Who heard Jesus in Gethsemane

We know that Jesus left the disciples and prayed and then came back and found them sleeping. This being the case, who heard the prayer of Jesus asking that he be spared if God so willed it? The way in which it comes across to me is that he was out of earshot of the disciples even if they were awake. Is it simply that they could hear him before sleeping or did one of them accompany him without it being recorded?

John 14:26 But the Paraclete, the Holy Ghost, whom the Father will send in my name, he will teach you all things, and bring all things to your mind, whatsoever I shall have said to you.

What Nelka says is true, but also:

He didn’t just pray a few sentences. The Gospel account has Him complain to the disciples that they “could not watch one hour”.
So it’s likely that He prayed for an hour or so. They listened at first but then, worn out with grief, they fell asleep.

Why do you even entertain these types of ideas? If you question that, then you can question the entire body of scripture.

This. :yup:

well it should stand up to scrutiny shouldn’t it?

The faith isn’t opposed to reason. It isn’t fideistic. I think as one meditates on Church teachings questions like this naturally occur. And they will certainly occur to critics so we ought to be ready to defend our faith for the sake of others.

Yes, of course it should. Reepicheep’s answer, I think, was very good.

I’m not sure why Tim_D answered the way he did; of course it is good for us to think critically and carefully about historical accounts in Scripture.

Faith is not contrary to reason; they are complementary, not contrary.

According to Fr. Benedict Groeschel, OFM†, our Lord’s prayer could only have been known by direct revelation.

Then explain to me how the Gospel authors could know those details. For that matter, how could anyone have known what Christ said to the Samaritan woman, since everyone had gone to buy food?

And I never said that faith was contrary to reason but there are things that we must simply take on faith. Going down this rabbit hole we can say that no one had a tape recorder or knew shorthand, so how can we know with certainty was Christ did or didn’t say?

Christ lived with his apostles. Is it outside the realm of reason to assume he would have told them of this encounter?

Of course there are. But when historical events are recounted, why isn’t it permissible to ask questions about how that information was collected?

I was reacting to this statement of yours: “Why do you even entertain these types of ideas?”
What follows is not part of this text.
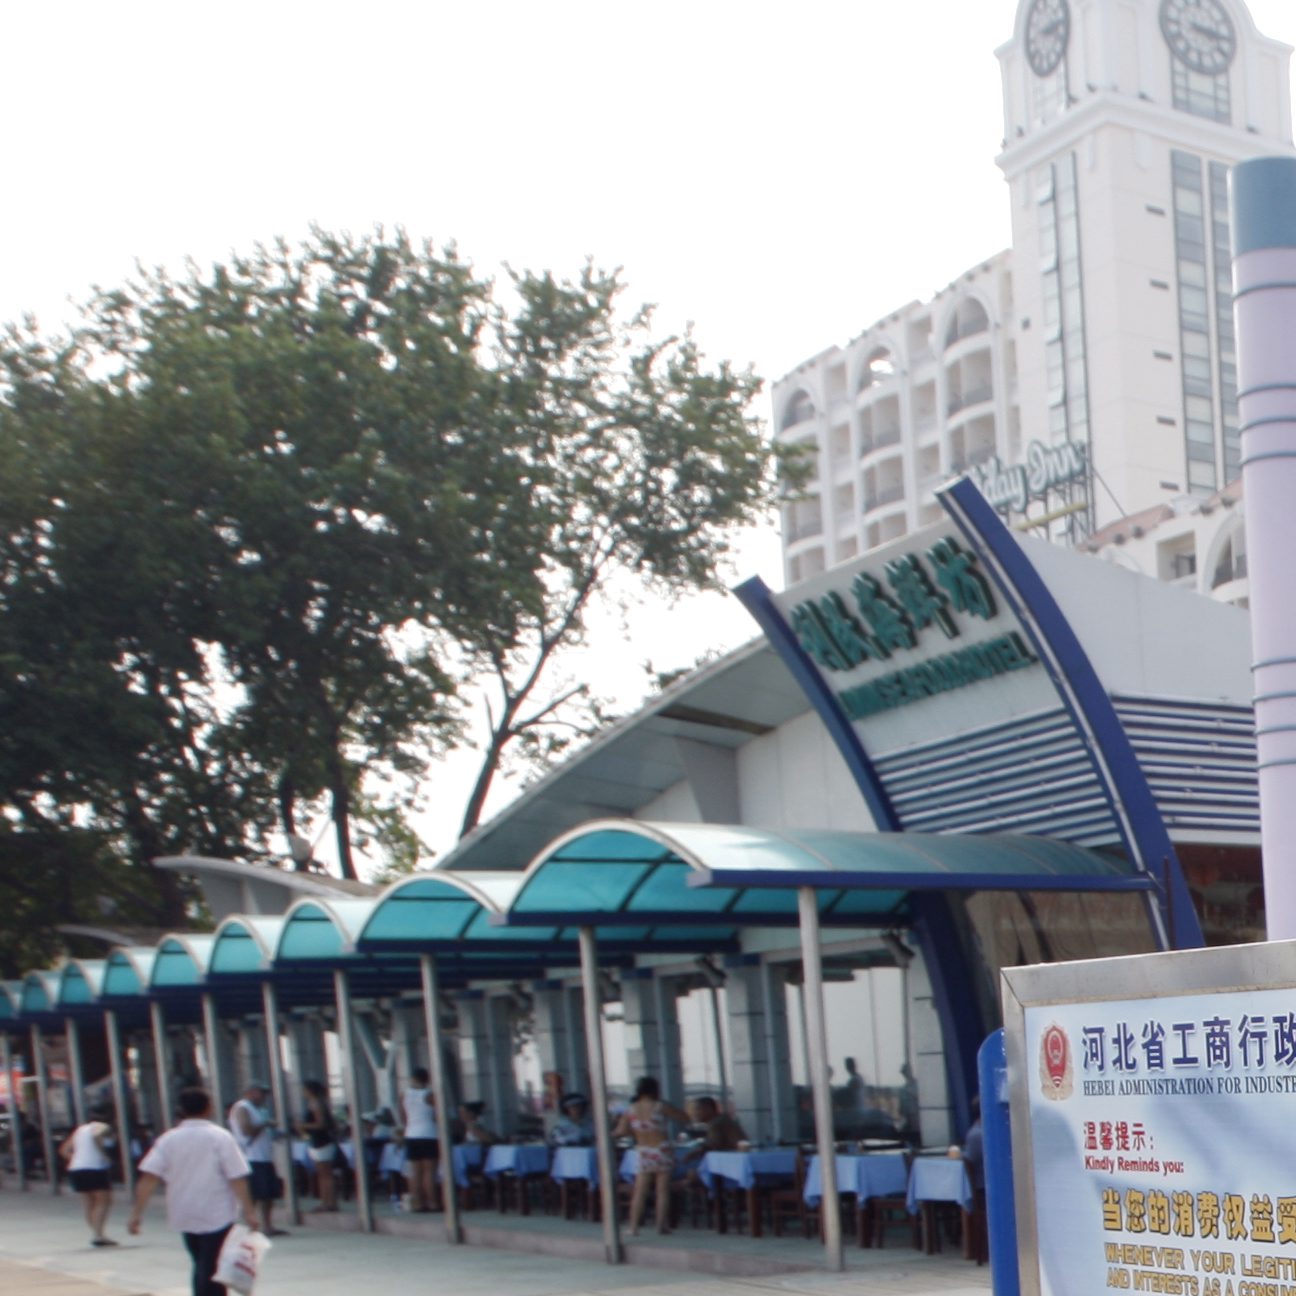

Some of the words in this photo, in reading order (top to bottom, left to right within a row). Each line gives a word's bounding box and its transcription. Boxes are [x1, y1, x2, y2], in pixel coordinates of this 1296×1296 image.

I think you need to chill out. It’s a good question!! I’ve wondered the same thing!! Good thread, OP :thumbsup:

I agree with Binto :slight_smile:

Yes, and when Jesus tells His disciples what He was doing in Gethsemene - that’s direct revelation.

Any claim that none of the disciples knew anything of what happened while they slept would rely on the absence of scripture. It would amount to the argument from silence that if scripture doesn’t say something then it never happened.

I don’t need to explain.
Just read the bible.
John 4:39
The Samaritan woman herself told everyone about the episode.
Yes - and the people would have pressed her for details, details, details.

This is very much my angle on this. I am not a critic; I am exploring my faith and sometimes things don’t always make sense… It is not a challenge in order to oppose the scriptures. By investigating one hopes to learn and gain confidence.

well it should stand up to scrutiny shouldn’t it?

Yes it should.
And it does. :slight_smile:

A thousand difficulties do not equal one doubt. We may reasonably ask questions because we wish to learn.
If the OP does not understand this point and wishes to learn, that is not the same as casting doubt on the truth or reliability of Scripture.

The authors knew because the eyewitnesses told them. Matthew, Mark and John were themselves among the Twelve. Luke came later but he spoke face to face with at least some of the Twelve.

As for the Samaritan woman, what would stop them from asking Christ about it, or for that matter asking the Samaritan woman? He stayed two days at that village to teach the villagers.

ETA: And of course there are things we must take on faith. That does not mean we shouldn’t use reason to better understand what we know. Faith is not the enemy of reason.